Tarik put a hand on Loken’s shoulder, ‘Loken… ‘

‘No Tarik! Our brothers allowed this to happen. Nero! Arrest these men!’ 

Nero Vipus froze, as did his warriors. Abbadon turned, bringing up his bolter, visibly shaking. No one moved. Aximand held out his hands.

‘Loken, we did what we could,’ he pleaded in a quiet voice. 

‘You brought him here to die, Aximand. We could have saved him! I gave Vaddon the sword, we could have saved his life!’ Loken could not breathe; the weight of this horror too much. He drew his blade. 

‘You would attempt to chastise us?! We who acted to save him while you and Tarik squandered time on a fool’s quest!?’ Abbadon screamed at him, spittle flying from his enraged mouth, but Loken could sense the guilt on every word. The entire steps of the Temple were now divided between the two factions. Bolters painted in the new, sea green livery of the Sons of Horus were aimed at one another.

Loken could not listen to any more. His body literally erupted with rage. He felt it empower him. With one last look at the limp corpse of his beloved Lupercal he threw himself at his former brothers. 

Power sword clashed with energised claws as the two erstwhile brothers hacked at each other. Bolts flew from Abaddon’s side, and Loken grimaced as he saw one of Nero’s men clatter to the ground. Tarik screamed his fury and fired back. Within moments, the duel of Loken and Abbadon was surrounded by the shrieking horror of bolters tearing at former brothers. 

Loken fought with Abbadon over and down the steps, both of them scoring dents and ripping out chunks of ceramite. Loken fought with the heavy weight of betrayal and revenge, its cold energy filling his very limbs. _They killed him_.

Abbadon fought with his legendary ferocity, but Loken could feel the hesitation in his blows. He knew the actions he had taken to attempt to save the Warmaster’s life were wrong, no matter how desperate they were. The Legion was no more. Lupercal was dead. Brother had fought brother. 

Loken sheared the First Captain’s power claws off, tearing through his arm in the process.
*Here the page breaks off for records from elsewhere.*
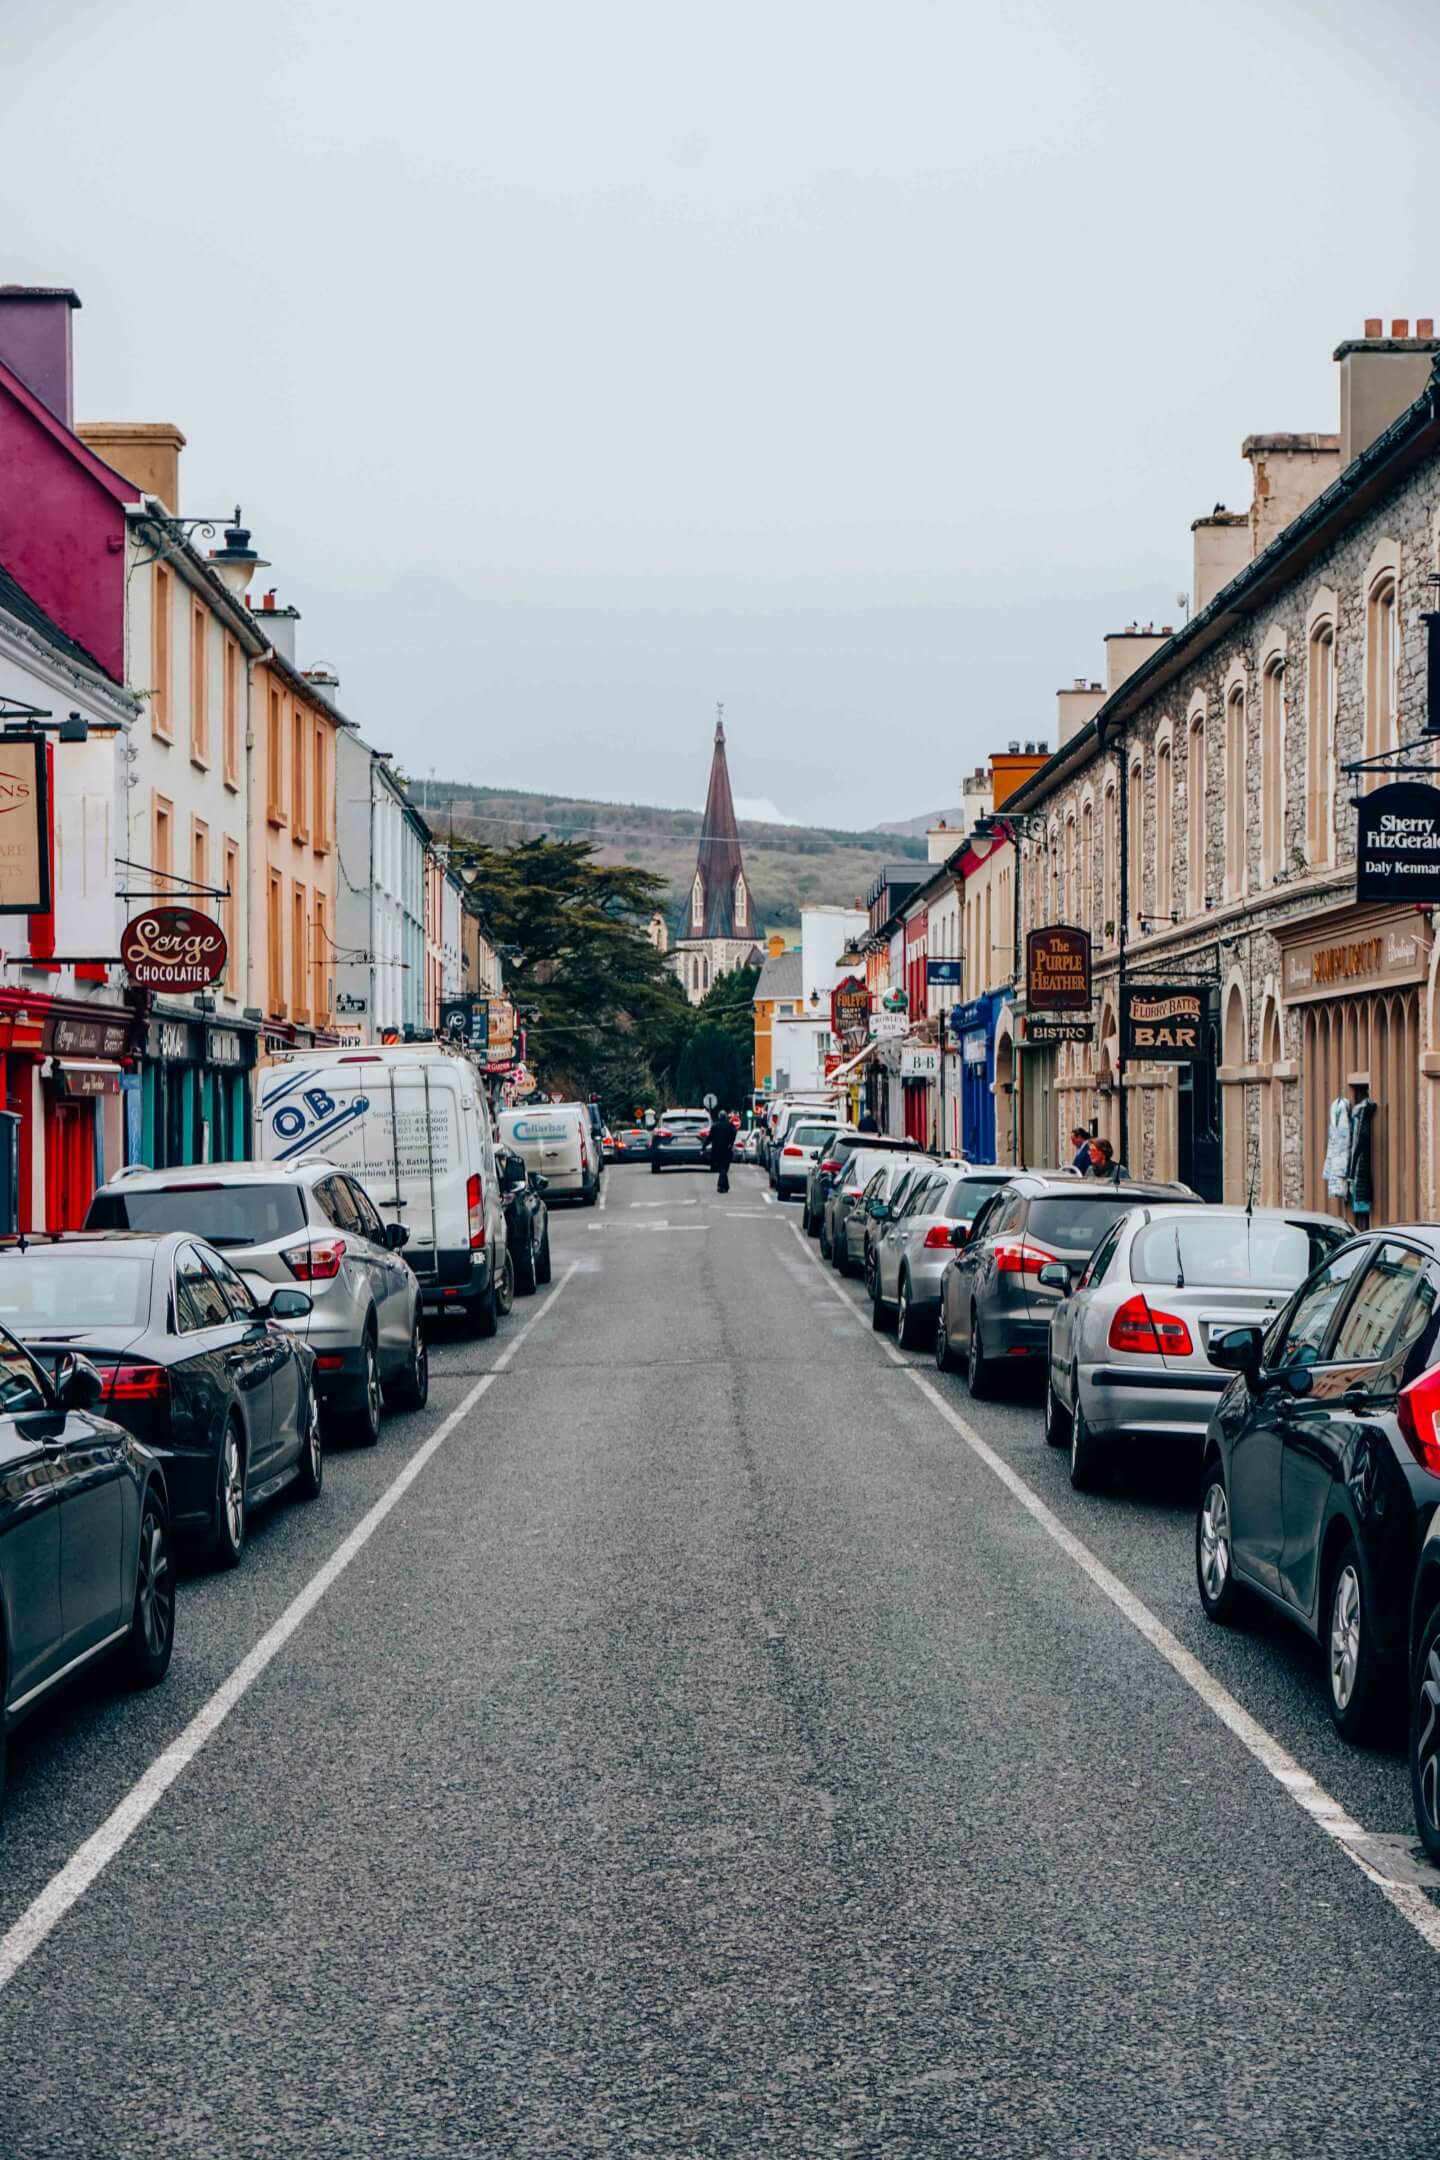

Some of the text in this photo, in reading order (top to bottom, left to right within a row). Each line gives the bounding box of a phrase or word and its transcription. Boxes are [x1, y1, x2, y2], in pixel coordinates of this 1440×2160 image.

[1380, 814, 1435, 836] Sherry
[1365, 861, 1393, 877] Daly
[127, 919, 222, 965] Lorge
[1050, 939, 1069, 952] The
[1035, 950, 1082, 971] PURPLE
[136, 964, 210, 981] CHOCOLATIER
[1032, 972, 1087, 990] HEATHER
[1133, 1003, 1167, 1018] FLORRY
[1033, 1027, 1086, 1039] BISTRO
[1135, 1028, 1196, 1047] BAR
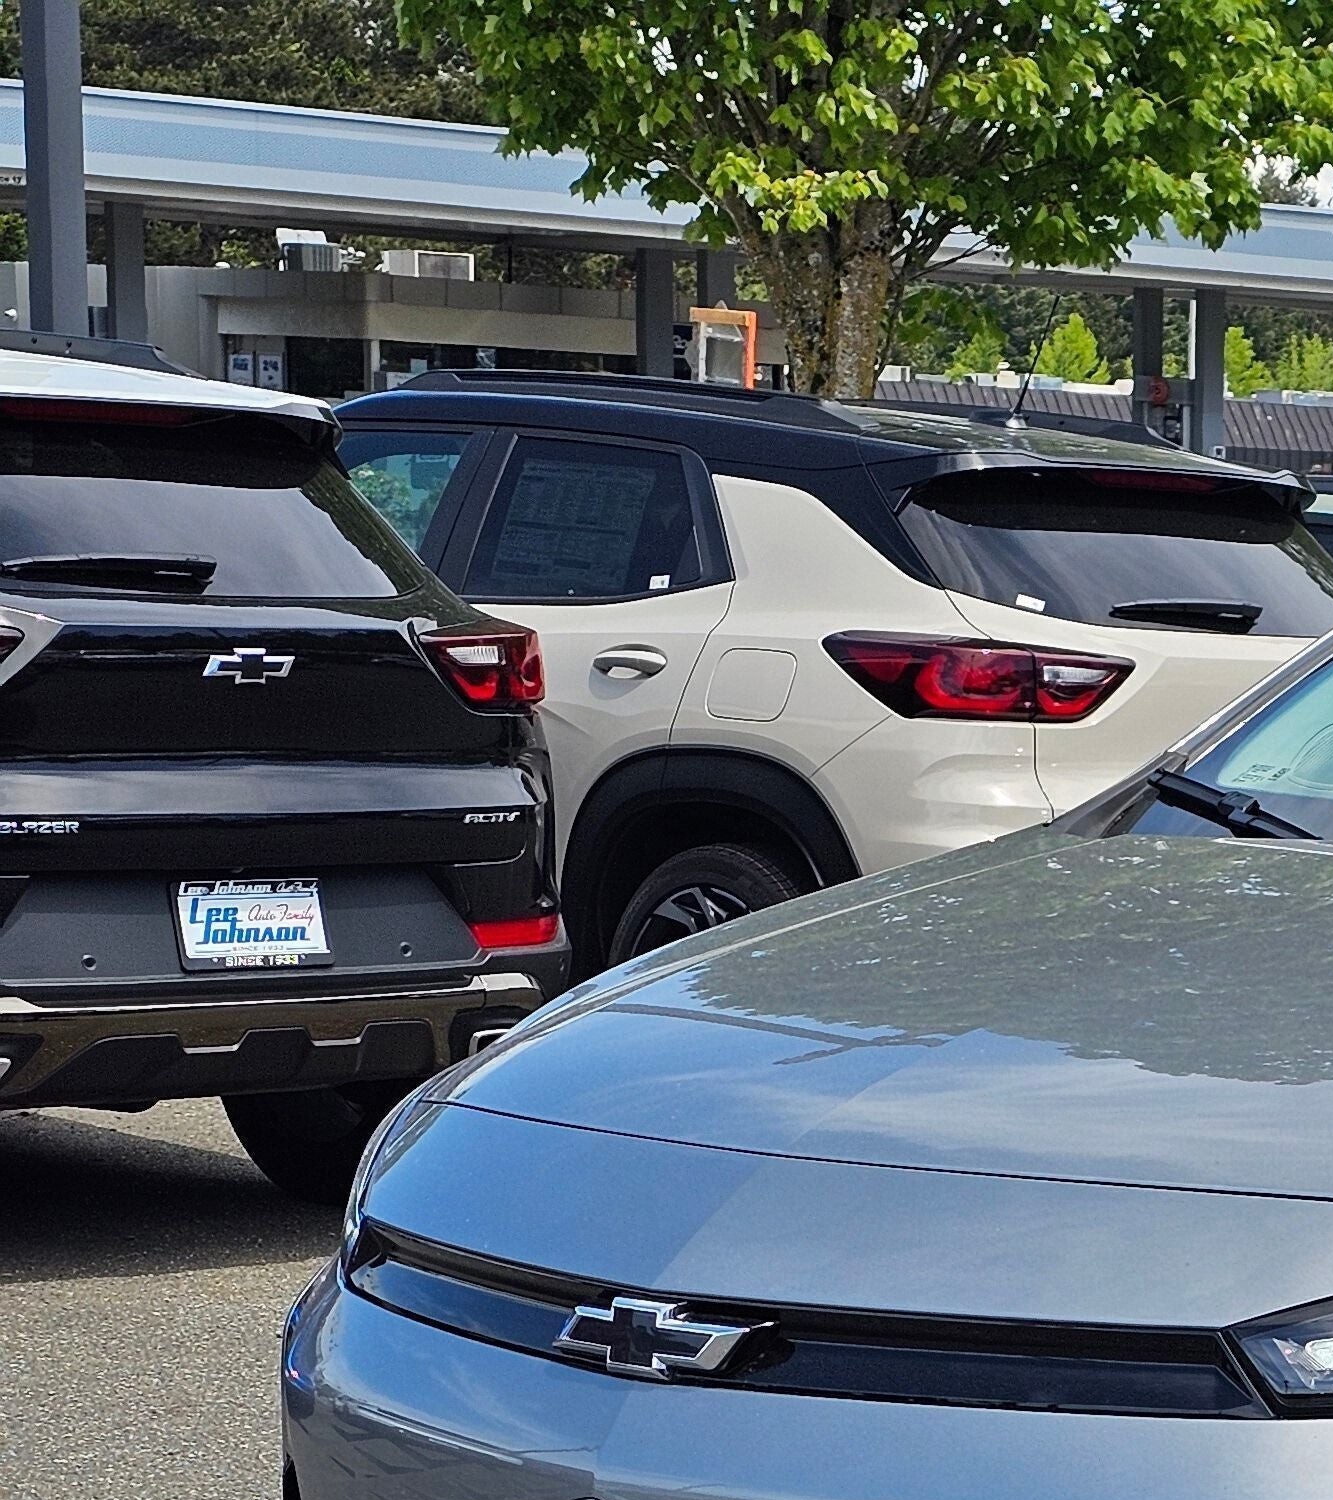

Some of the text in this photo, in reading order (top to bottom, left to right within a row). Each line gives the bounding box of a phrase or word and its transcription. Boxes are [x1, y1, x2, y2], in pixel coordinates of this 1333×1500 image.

[210, 880, 274, 895] Johnson
[189, 897, 244, 925] Lee
[247, 903, 277, 922] Auto
[195, 918, 311, 945] Johnson
[225, 955, 265, 967] SINCE
Abaddon slumped, defeated and his eyes lost in the distance. 

‘End this, Loken,’ Abbadon hissed. 

‘You deserve to stand trial for what you have done. This is over.’ Loken kicked the First Captain onto his back, drawing his sword down the Astartes face. Loken looked back, his face contorted in nothing but hatred and spite as the warriors under Abaddon’s command lay slain at the entrance of the Temple. Astartes blood ran in small rivers down the steps, pooling in cracks and carrying spent bolter shells with it. 
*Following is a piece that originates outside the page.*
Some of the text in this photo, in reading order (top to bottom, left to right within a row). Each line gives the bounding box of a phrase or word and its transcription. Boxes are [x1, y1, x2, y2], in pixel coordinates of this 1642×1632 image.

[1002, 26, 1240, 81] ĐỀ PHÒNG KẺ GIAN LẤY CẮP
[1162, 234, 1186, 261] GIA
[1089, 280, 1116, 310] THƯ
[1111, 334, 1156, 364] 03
Tarik and Nero’s men stood over Sedirae, Targhost and their few warriors who had survived. Loken could see Aximand crouched in the darkness of the Temple by the Warmaster’s body, cradling his Commander's expressionless head. Little Horus held a bolt pistol to his skull, tears filling his eyes as he stared at Loken with guilt and hopelessness. 

‘Aximand don’t!’

Bang. The shot cracked throughout the valley. Tarik screamed, racing at his Mournival brother. Loken ran beside him, crouching beside the ruined face of ‘Little’ Horus Aximand. The Warmaster’s closed eyes stared at Loken, and he felt crushing despair fill his soul. _What have we done?_

Garviel Loken threw his gaze across the gathering of lost, broken men. Tarik did not look at him, and Nero was crouched down, staring into the dirt. Crimson blood stained his hands; Astartes blood.
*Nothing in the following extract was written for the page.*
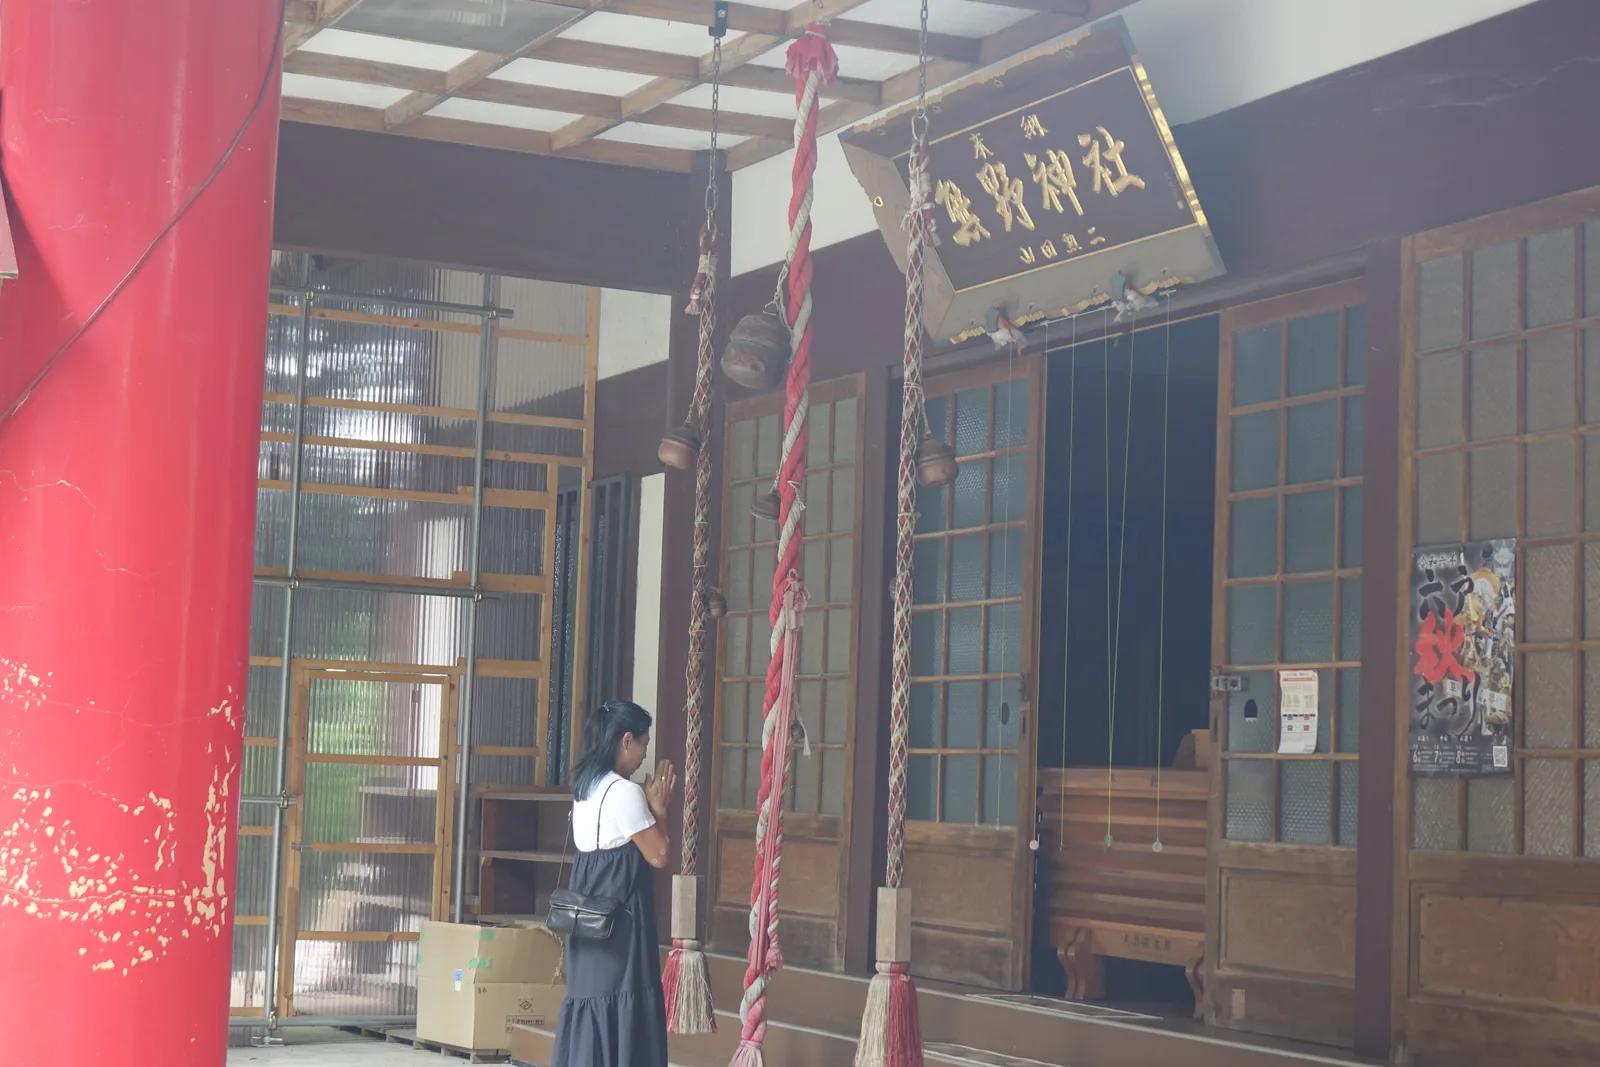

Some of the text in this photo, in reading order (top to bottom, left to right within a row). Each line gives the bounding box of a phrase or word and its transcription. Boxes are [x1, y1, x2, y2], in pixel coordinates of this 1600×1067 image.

[934, 125, 1146, 247] 熊野神社
[1419, 554, 1457, 568] 令和六年
[1414, 608, 1476, 683] 秋
[1415, 672, 1481, 739] まつり
Somewhere far off, impossibly, a lone wolf howled into the night. Garviel Loken, Son of Horus, bellowed his own tragic cry.


----------



## dark angel (Jun 11, 2008)

A good, solid fiction. I do quite enjoy alternate histories - There's a few grammatical errors, here and there - But nothing that really jars the pace of the story, in my opinion.

Is there to be more?


----------



## Soul Reaper (Nov 19, 2012)

Thankyou, hopefully will be more


----------



## Dave T Hobbit (Dec 3, 2009)

A sound beginning.


----------